I did a little research into it, and colored cars have become less popular in the last fifty years, but, yes, indeed, most vehicles are White, Black, and Gray, with Red trailing closely behind.

As it turns out America’s Most Popular Car Colors are 
White 23.9%
Black 23.2%
Gray 15.5%
Silver 14.5%

Of course, I'm counting silver and gray as being basically the same thing, so Gray/Silver is at 30%.

So white, black, and gray account for roughly 77% of the popular car colors.

Red and Blue come in at 10.3% and 9.0%, and Brown's at 1.4%

All the other colors (Green, Beige, Orange, Gold, Yellow, and Purple) all account for less than 1% each.

So now I just watch for cars that AREN'T White, Black, Gray, or Red.

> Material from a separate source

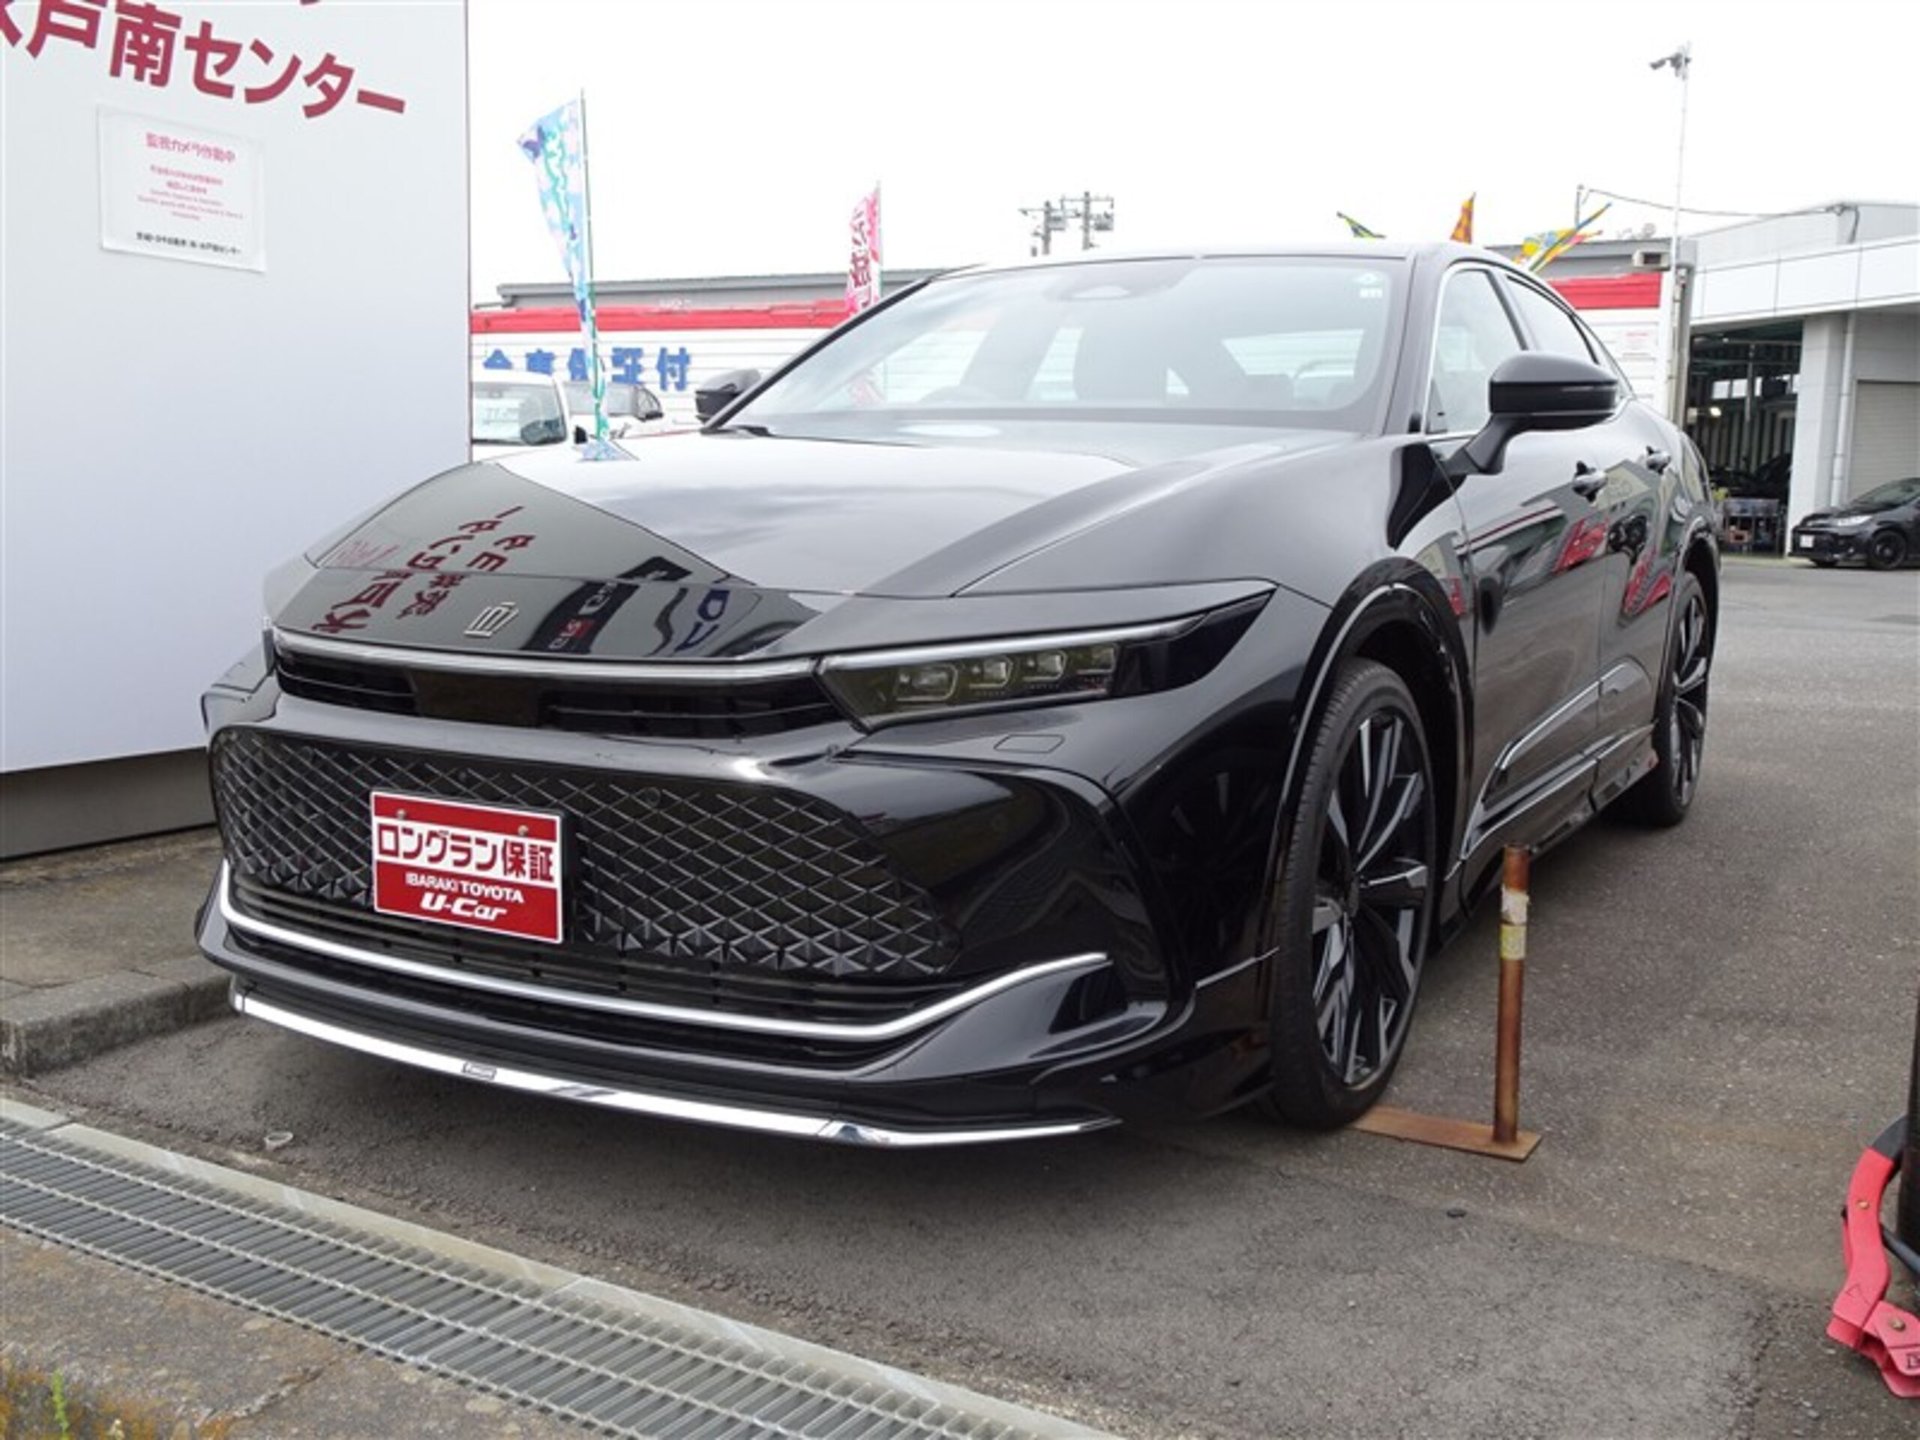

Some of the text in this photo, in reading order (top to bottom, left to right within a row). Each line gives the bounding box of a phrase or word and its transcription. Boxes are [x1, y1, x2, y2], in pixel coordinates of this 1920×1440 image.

https://www.thedrive.com/content/2020/10/car-color-graph.jpg


----------



## NoCoPilot (Nov 9, 2020)




----------



## NoCoPilot (Nov 9, 2020)




----------



## progmatist (Apr 3, 2021)

I believe Mercedes also makes semi tractors

When I was a kid, the next-door neighbors' mother/grandmother's boyfriend was a truck driver. The couple would drop in on the neighbors every time his route brought them through Phoenix. He owned one of those cab-over tractors common in the 70s. To work on the engine one had to jack up the cab, tilting it forward to gain access. When asked if he'd rather have a tractor with a proper hood/bonnet, he said he couldn't afford one. Oh, and did I mention my dad worked at a truck stop for the better part of a decade?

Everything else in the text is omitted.